LISTED RECORDS Block Start
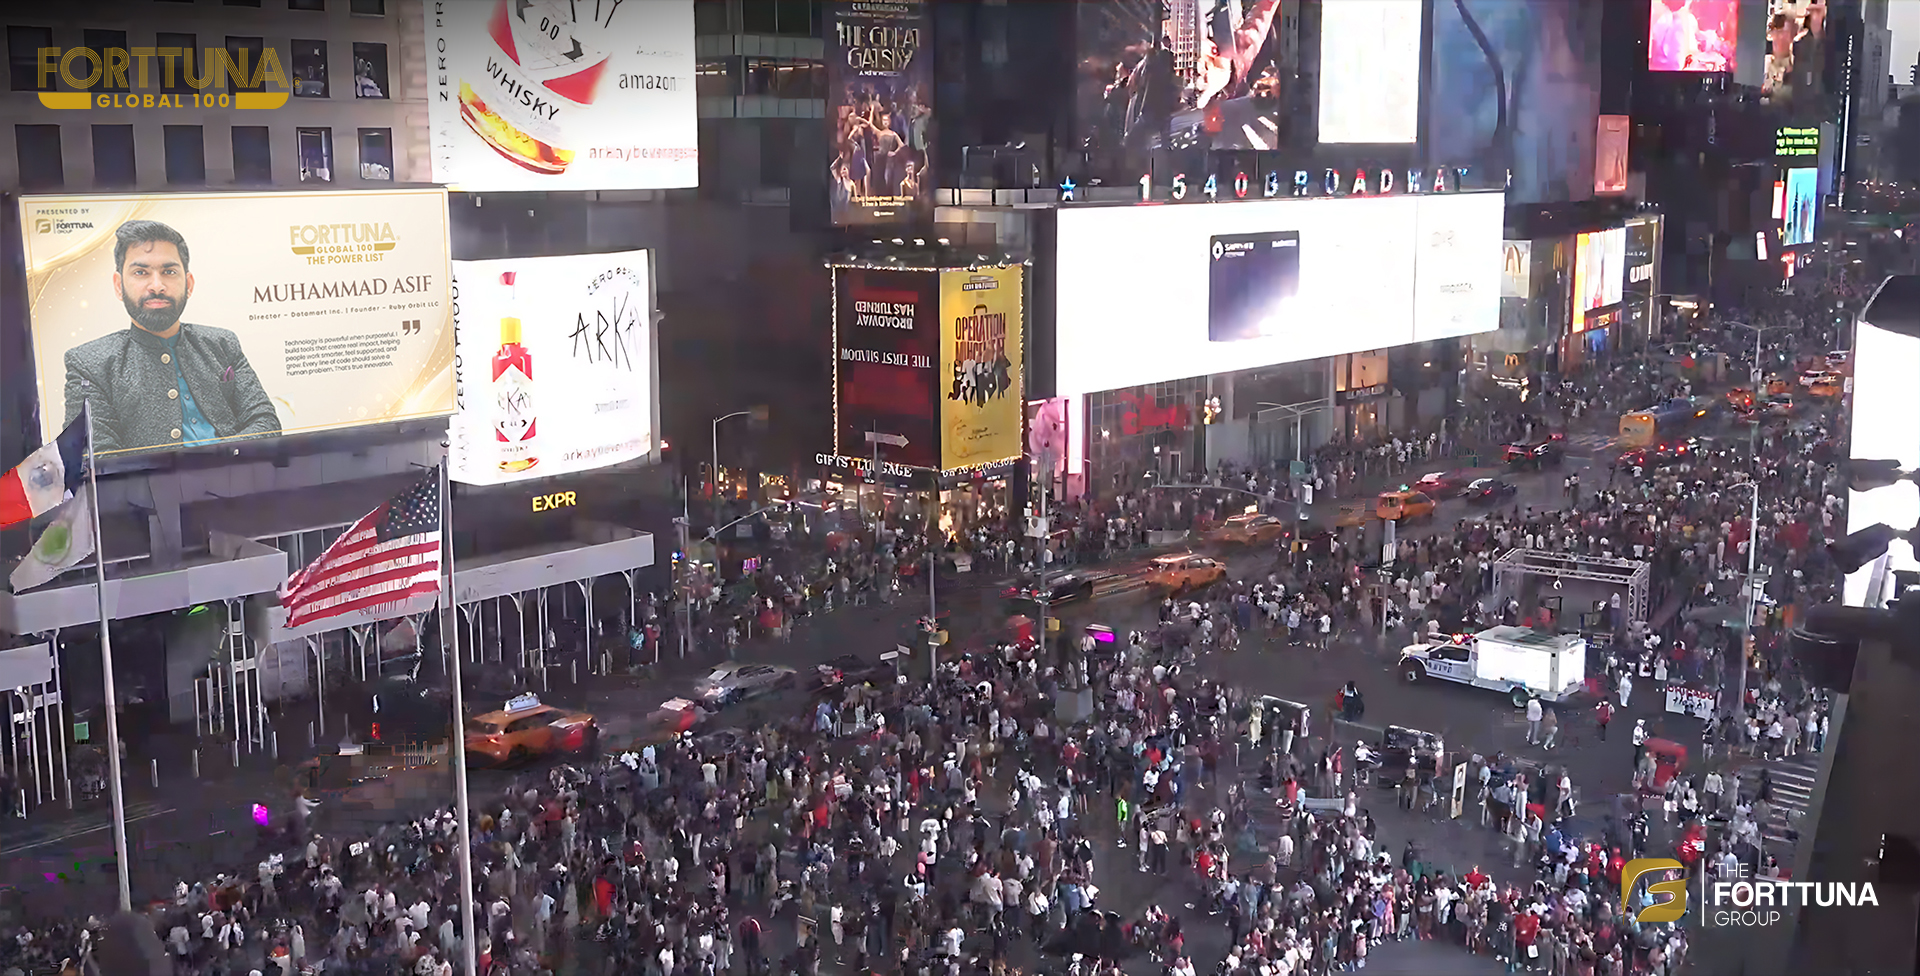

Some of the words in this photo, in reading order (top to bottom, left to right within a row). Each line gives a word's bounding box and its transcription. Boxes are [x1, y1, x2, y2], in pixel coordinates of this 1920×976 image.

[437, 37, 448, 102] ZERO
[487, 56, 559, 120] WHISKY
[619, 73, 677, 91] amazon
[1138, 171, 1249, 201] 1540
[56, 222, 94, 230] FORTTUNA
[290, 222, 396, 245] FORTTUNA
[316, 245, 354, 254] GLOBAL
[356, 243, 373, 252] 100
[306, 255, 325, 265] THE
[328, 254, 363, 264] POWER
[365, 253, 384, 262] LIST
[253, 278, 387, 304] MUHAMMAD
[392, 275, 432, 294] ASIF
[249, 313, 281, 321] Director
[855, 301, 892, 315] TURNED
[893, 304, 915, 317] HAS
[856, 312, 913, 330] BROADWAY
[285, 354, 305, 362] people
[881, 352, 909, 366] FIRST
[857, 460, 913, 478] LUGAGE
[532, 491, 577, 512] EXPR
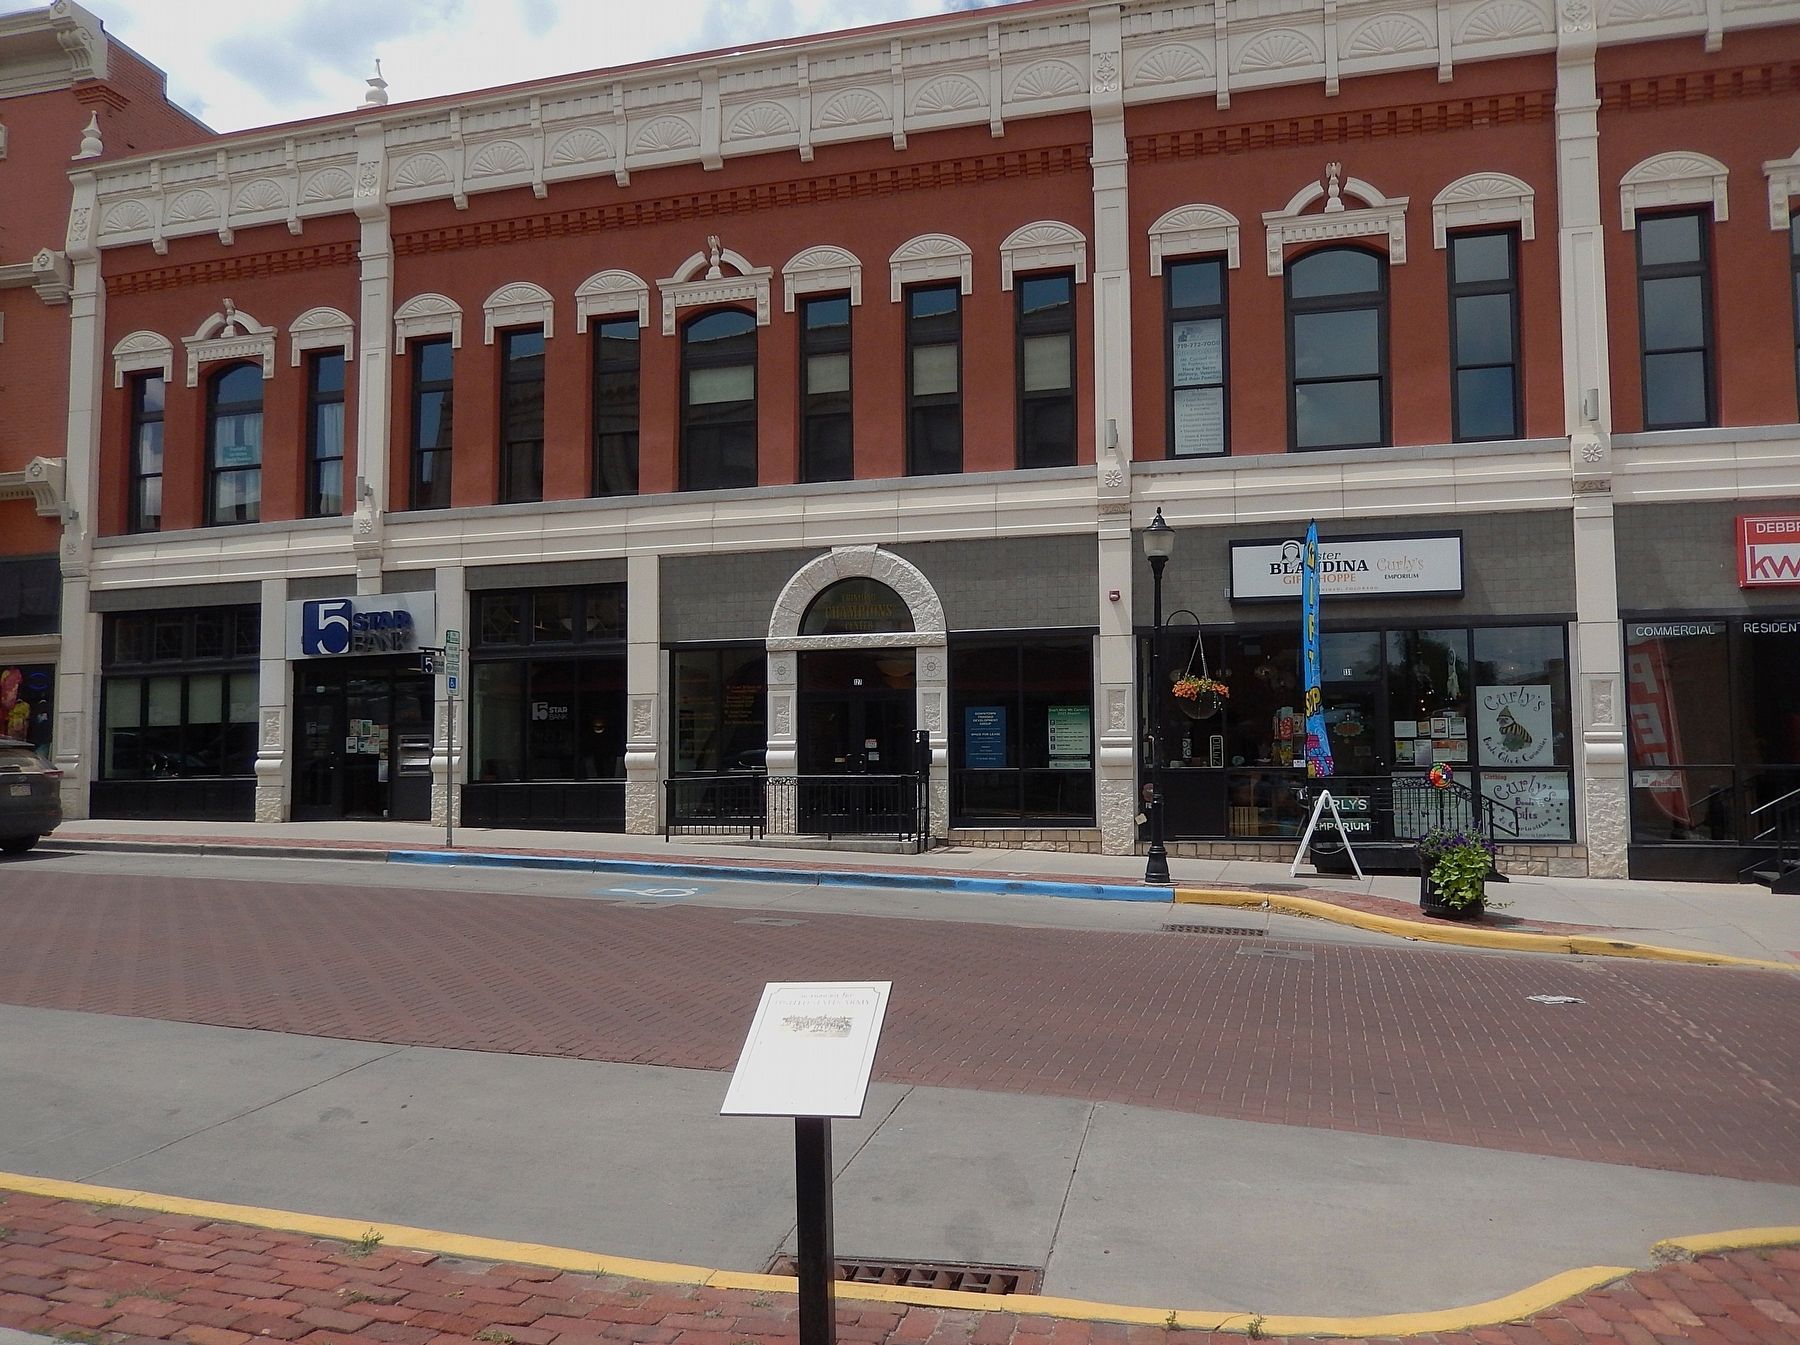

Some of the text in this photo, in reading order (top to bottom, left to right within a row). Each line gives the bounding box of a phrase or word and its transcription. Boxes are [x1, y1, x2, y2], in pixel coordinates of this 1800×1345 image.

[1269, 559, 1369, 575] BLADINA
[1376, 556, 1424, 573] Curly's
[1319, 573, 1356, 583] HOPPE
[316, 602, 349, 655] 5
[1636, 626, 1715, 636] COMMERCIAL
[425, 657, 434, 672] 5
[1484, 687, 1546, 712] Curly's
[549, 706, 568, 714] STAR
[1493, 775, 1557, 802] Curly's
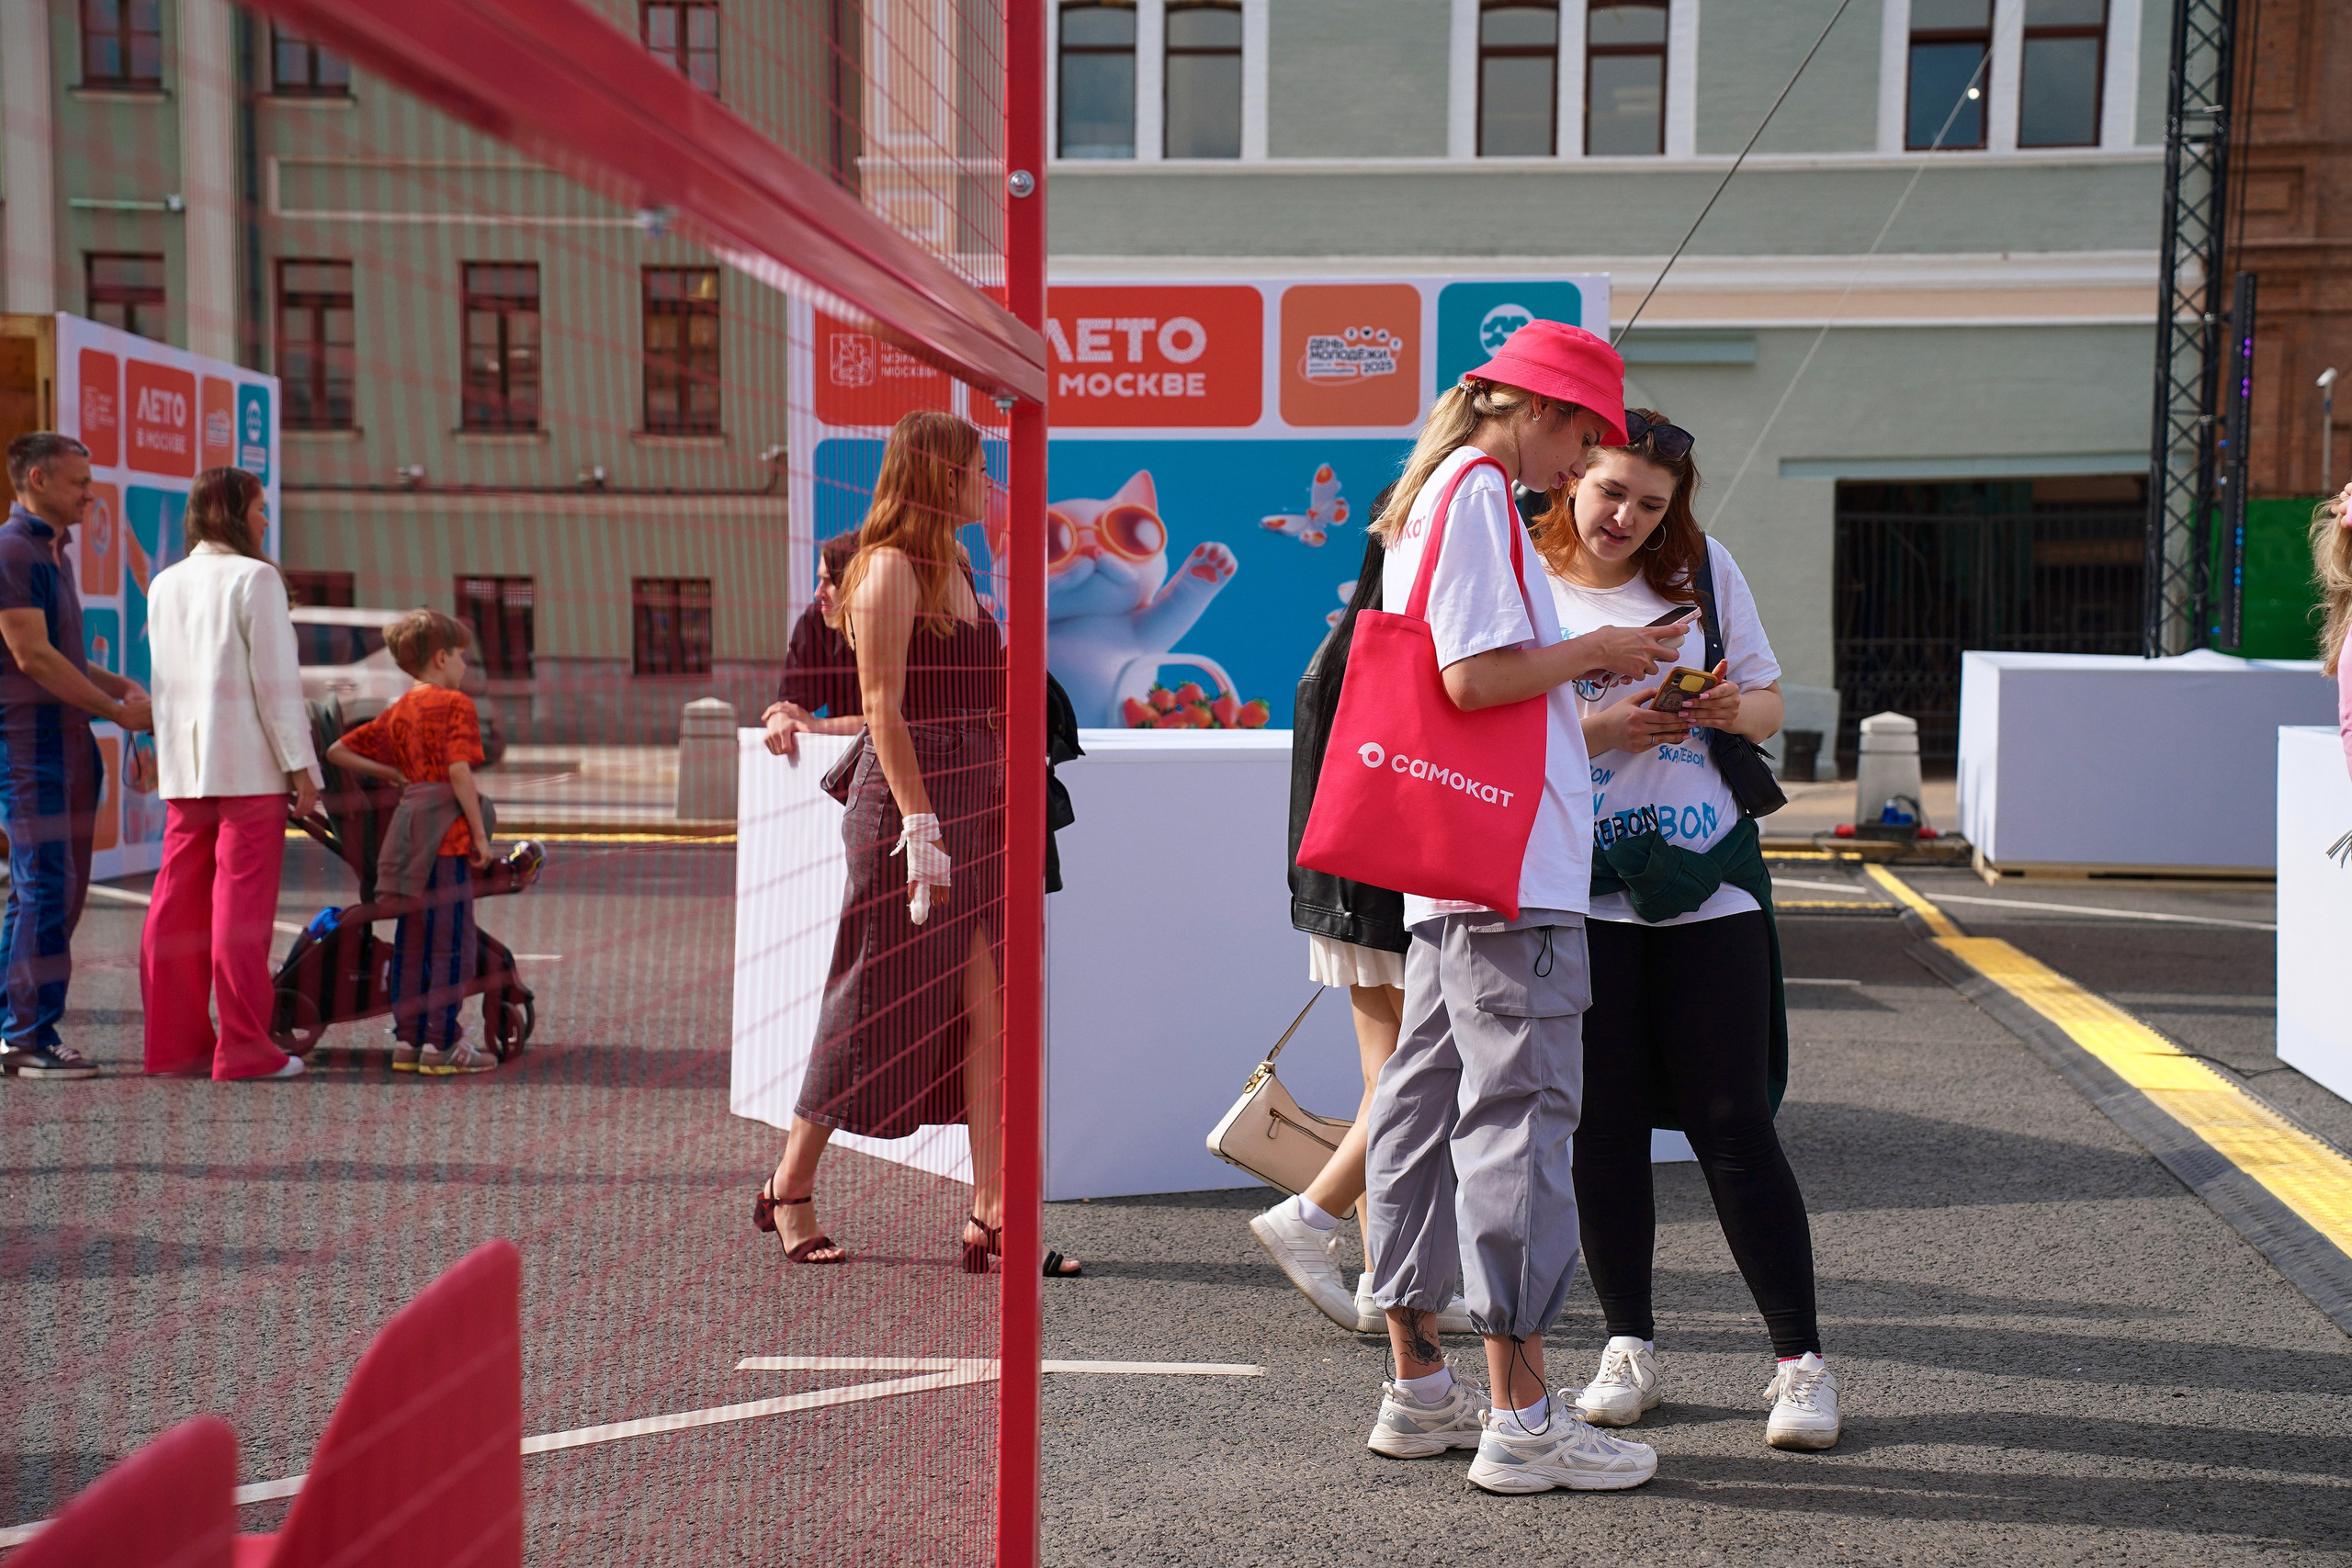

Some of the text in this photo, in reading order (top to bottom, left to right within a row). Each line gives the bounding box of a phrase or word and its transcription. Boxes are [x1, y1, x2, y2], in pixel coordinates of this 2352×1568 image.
LISTED RECORDS Block End
# EXERCISE INSTRUCTIONS:
Each entry gets copied exactly; the pictures stay out.

# PROBLEM SOLUTION:
Some of the words in this photo, in reading order (top to bottom, left to right within a row). Each line gives a word's bounding box and its transcription. Boxes are [x1, y1, x2, y2], in pixel coordinates of this 1920×976 image.

[437, 37, 448, 102] ZERO
[487, 56, 559, 120] WHISKY
[619, 73, 677, 91] amazon
[1138, 171, 1249, 201] 1540
[56, 222, 94, 230] FORTTUNA
[290, 222, 396, 245] FORTTUNA
[316, 245, 354, 254] GLOBAL
[356, 243, 373, 252] 100
[306, 255, 325, 265] THE
[328, 254, 363, 264] POWER
[365, 253, 384, 262] LIST
[253, 278, 387, 304] MUHAMMAD
[392, 275, 432, 294] ASIF
[249, 313, 281, 321] Director
[855, 301, 892, 315] TURNED
[893, 304, 915, 317] HAS
[856, 312, 913, 330] BROADWAY
[285, 354, 305, 362] people
[881, 352, 909, 366] FIRST
[857, 460, 913, 478] LUGAGE
[532, 491, 577, 512] EXPR

Some of the text in this photo, in reading order (top to bottom, left to right within a row). Each line gives the bounding box of a phrase or word and its transcription. Boxes are [x1, y1, x2, y2], in pixel coordinates of this 1800×1345 image.

[1269, 559, 1369, 575] BLADINA
[1376, 556, 1424, 573] Curly's
[1319, 573, 1356, 583] HOPPE
[316, 602, 349, 655] 5
[1636, 626, 1715, 636] COMMERCIAL
[425, 657, 434, 672] 5
[1484, 687, 1546, 712] Curly's
[549, 706, 568, 714] STAR
[1493, 775, 1557, 802] Curly's

Some of the text in this photo, in reading order (top to bottom, left to right within a row). Each line gives the bounding box of a phrase or word and its transcription. Boxes are [x1, y1, x2, y2], in pixel coordinates of this 2352×1568 image.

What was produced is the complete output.